# Toe covers or booties for MTB shoes?



## mikepro (Sep 11, 2007)

My LBS doesn't have any sort of covers that will fit my MTB shoes (Specialized MTB Comps). So, I need to order some, but sight unseen I'd like some recommendations as to what will fit my size 12 MTB shoes with SPD cleats. I'm not sure if I need full covers, it's mostly just my toes that get frozen, as the tips of the shoe are what is ventilated.

Anyone got any recs for me?

Some stuff I've been looking at from Jenson:
Specifically looking at the Pearl Izumi Calientoes:
http://www.jensonusa.com/store/product/SH400D05-Pearl+Izumi+Calientoes.aspx

Belweather windtech booties:
http://www.jensonusa.com/store/product/CW401E01-Bellwether+Windtech+Bootie.aspx

Bellweather toe covers:
http://www.jensonusa.com/store/product/SH401D00-Belwether+Toe+Warmer.aspx

Thanks!


----------



## jabpn (Jun 21, 2004)

I would personally suggest full coverage booties. First, I've never had any toe covers that didn't ride up at the back of the cleat (I use SPD cleats) making entry difficult sometimes. I've also never had a pair last longer than a three or four months. Also by the time your toes are cold it probably means your foot is cold to just not as noticable. If you have a choice try to order two sizes larger for Mtn shoes because of the sole, unless the booties are specifically designed for mtn instead of road soles. I have two pairs of shoe covers, Performance and SideTracks.


----------



## ferday (Jan 15, 2004)

i have the belweather booties, i'm quite happy with them. they do get pretty warm if it isn't really cold outside...but IME the toe covers don't do much of anything....


----------



## Barkdog (Aug 29, 2004)

I have Specialized mt. bike shoes ('07 Pro Carbon for what it's worth -- same profile as the comps). I also have the Pearl Izume toe covers.

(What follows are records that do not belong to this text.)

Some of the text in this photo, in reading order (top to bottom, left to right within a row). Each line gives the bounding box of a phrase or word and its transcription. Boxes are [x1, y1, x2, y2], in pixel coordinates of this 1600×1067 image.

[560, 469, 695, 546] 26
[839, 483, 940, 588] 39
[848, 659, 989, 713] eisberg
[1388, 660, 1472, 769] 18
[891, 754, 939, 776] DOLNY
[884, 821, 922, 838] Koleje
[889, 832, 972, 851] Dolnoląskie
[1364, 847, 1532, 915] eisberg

I'd steer away from at least those toe covers because they're a real pain to get off/on. Don't get me wrong: they work well (shoe is noticably warmer) and have lasted ok. But pulling/stretching/prying them over the cleat pattern, even just over the toe, is a major major pain. I mean major. It's hard enough to get them on that I tend to put them on and leave them on (which stinks because it's harder for them to dry). Or just not bother with them at all. They might work great on road shoes but the mt. tread pattern makes it just too difficult to get 'em on.

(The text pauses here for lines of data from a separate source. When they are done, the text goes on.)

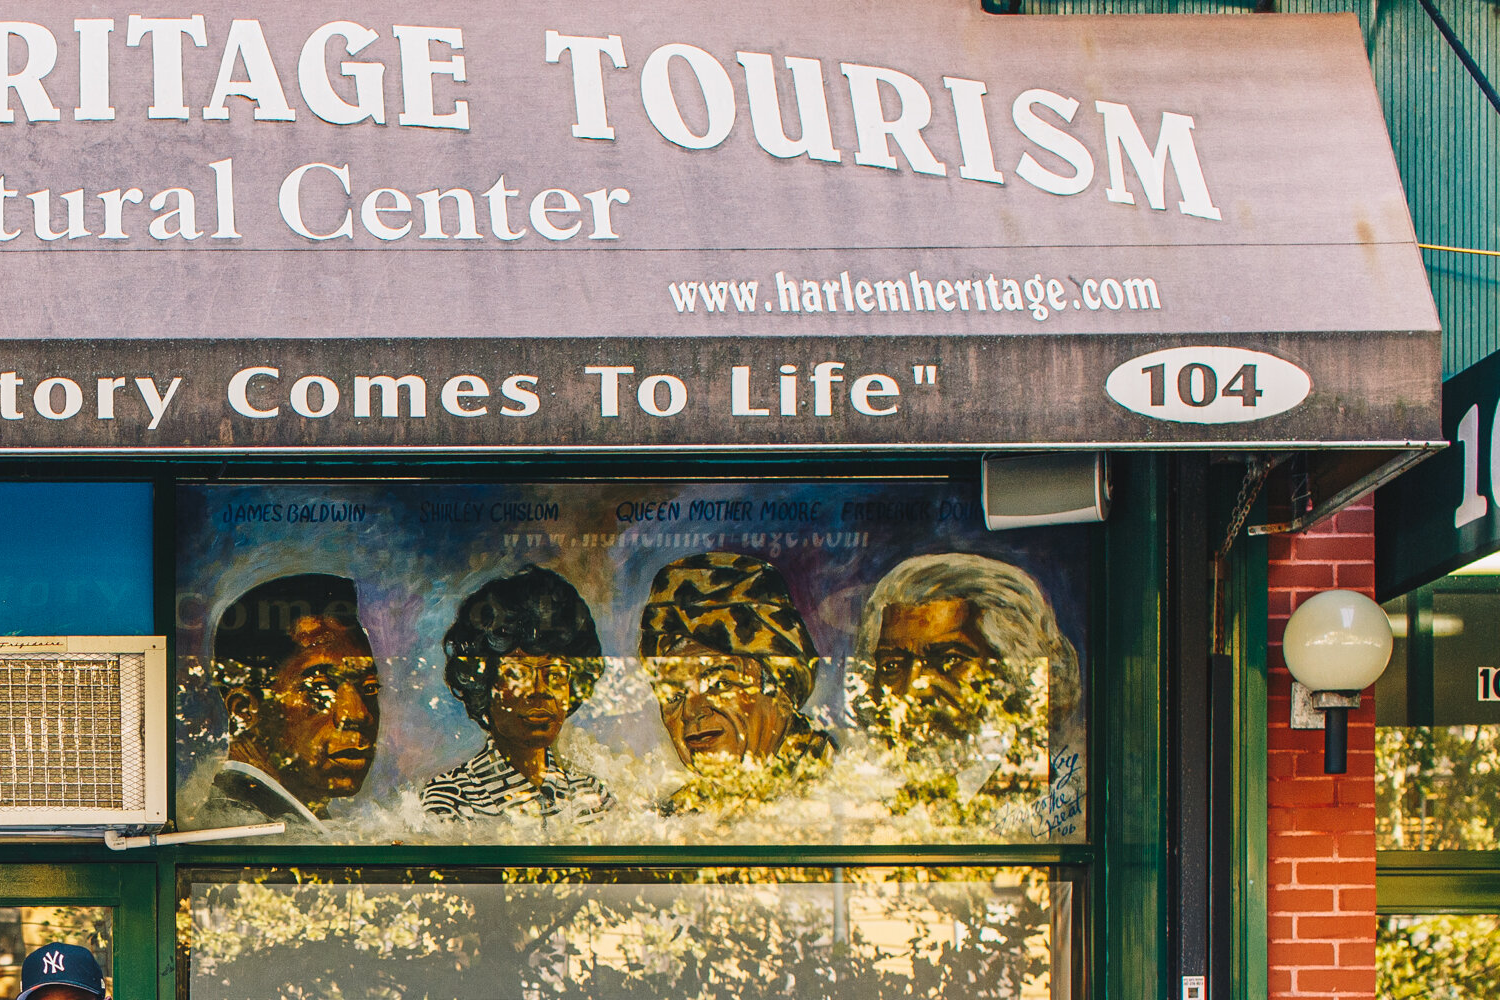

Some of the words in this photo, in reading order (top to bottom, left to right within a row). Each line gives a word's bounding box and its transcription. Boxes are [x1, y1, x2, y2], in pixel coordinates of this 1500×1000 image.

[545, 29, 1222, 221] TOURISM
[278, 162, 630, 241] Center
[668, 270, 1161, 321] www.harlemheritage.com
[227, 366, 540, 419] Comes
[584, 366, 688, 417] To
[731, 361, 937, 416] Life"
[1141, 362, 1263, 408] 104
[223, 502, 283, 523] JAMES
[286, 502, 367, 523] BALDWIN
[419, 502, 485, 523] SHIRLEY
[489, 501, 560, 523] CHISLOM
[615, 501, 681, 523] QUEEN
[688, 500, 754, 522] MOTHER
[760, 500, 820, 522] MOORE
[42, 950, 65, 975] NY

I'd look for booties that don't require a battle to put on -- something that zips up the side might be nice. Good luck.


----------



## Lexicon (Mar 2, 2007)

I have newer Specialized road and mtb shoes and just bought the Pearl Izumi Cyclone booties. Did my first ride with them yesterday and they worked great. Sizing is a little weird. You end up needing a size larger than you would imagine. My brother wears 11s and needed an XXL pair. I wear a 10 to 10.5 and needed XLs.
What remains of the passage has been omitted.